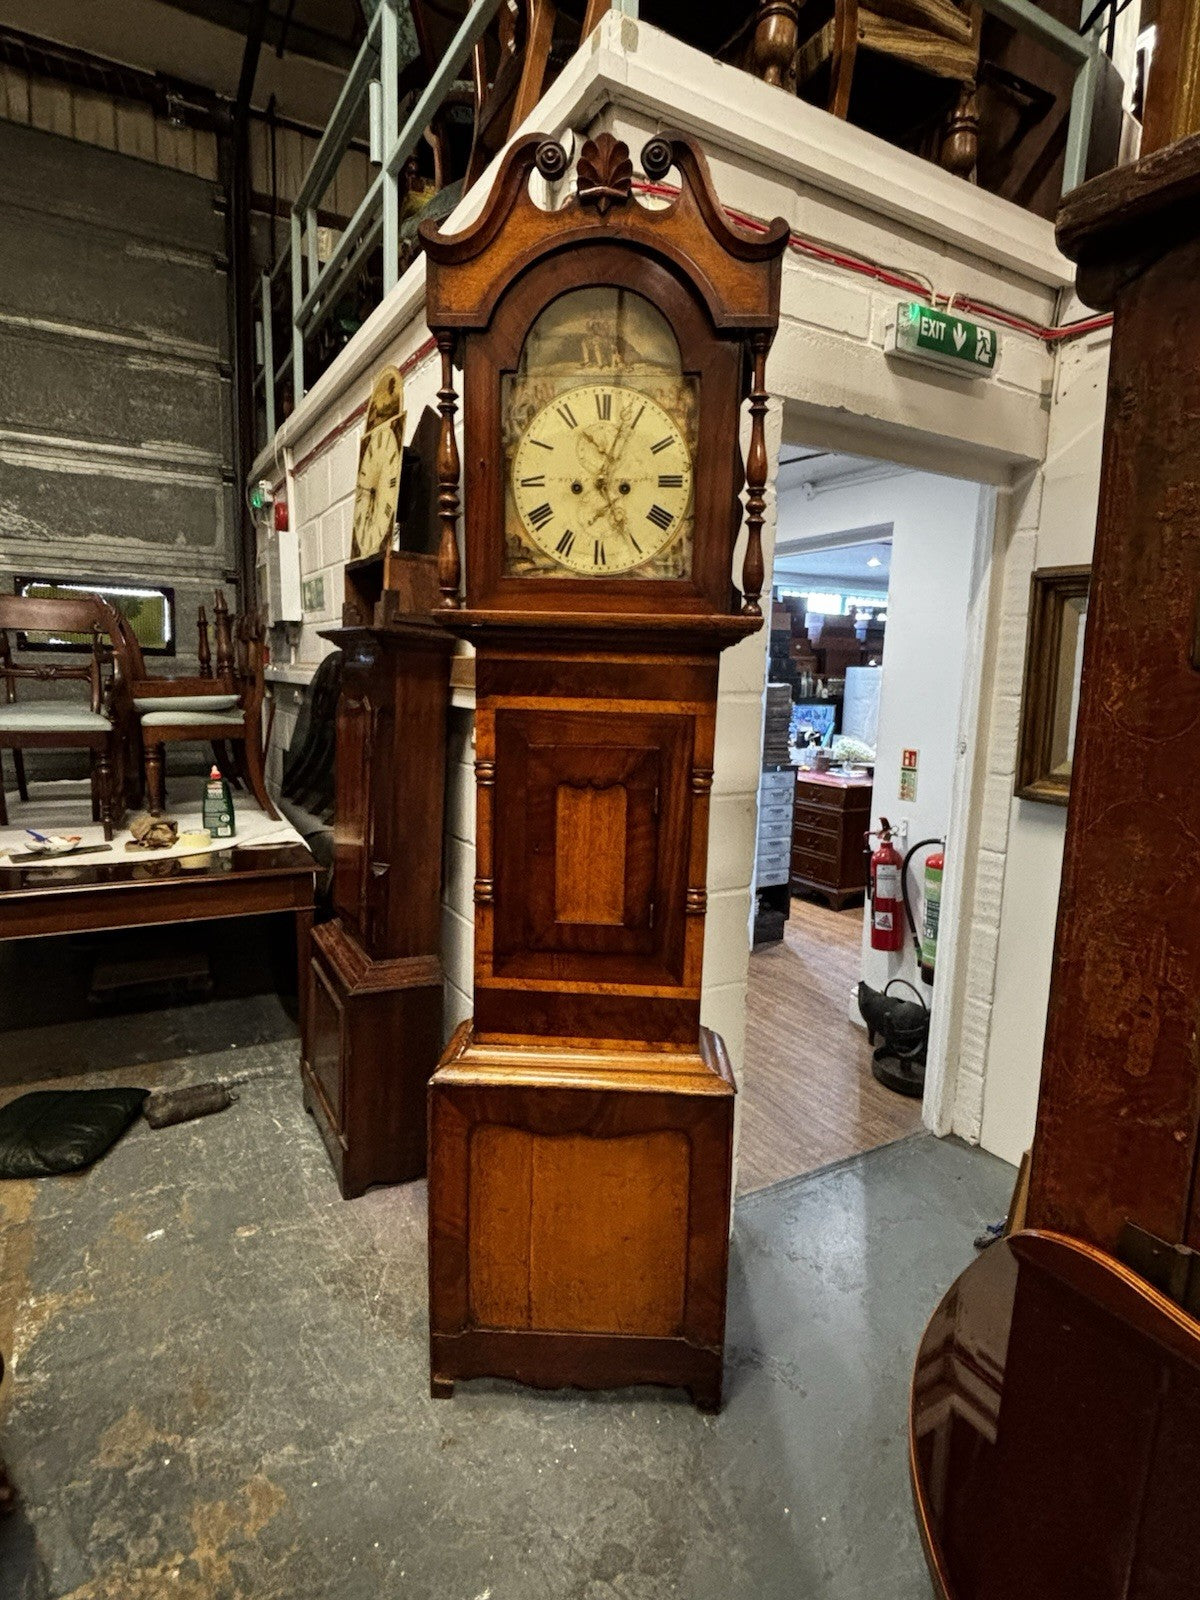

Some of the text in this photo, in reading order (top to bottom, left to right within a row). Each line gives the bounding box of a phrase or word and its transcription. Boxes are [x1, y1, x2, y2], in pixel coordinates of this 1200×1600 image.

[921, 316, 946, 341] EXIT
[631, 405, 645, 430] I
[650, 435, 675, 455] II
[658, 473, 683, 488] III
[645, 503, 675, 531] IIII
· · · · · · ·
» **WHAT YOU HAVE TO DO**: None of the pictures should be reproduced; all other material above must be set down exactly.

» **RESULT OF THIS EXERCISE**:
Some of the text in this photo, in reading order (top to bottom, left to right within a row). Each line gives the bounding box of a phrase or word and its transcription. Boxes are [x1, y1, x2, y2], in pixel coordinates of this 1200×1600 image.

[921, 316, 946, 341] EXIT
[631, 405, 645, 430] I
[650, 435, 675, 455] II
[658, 473, 683, 488] III
[645, 503, 675, 531] IIII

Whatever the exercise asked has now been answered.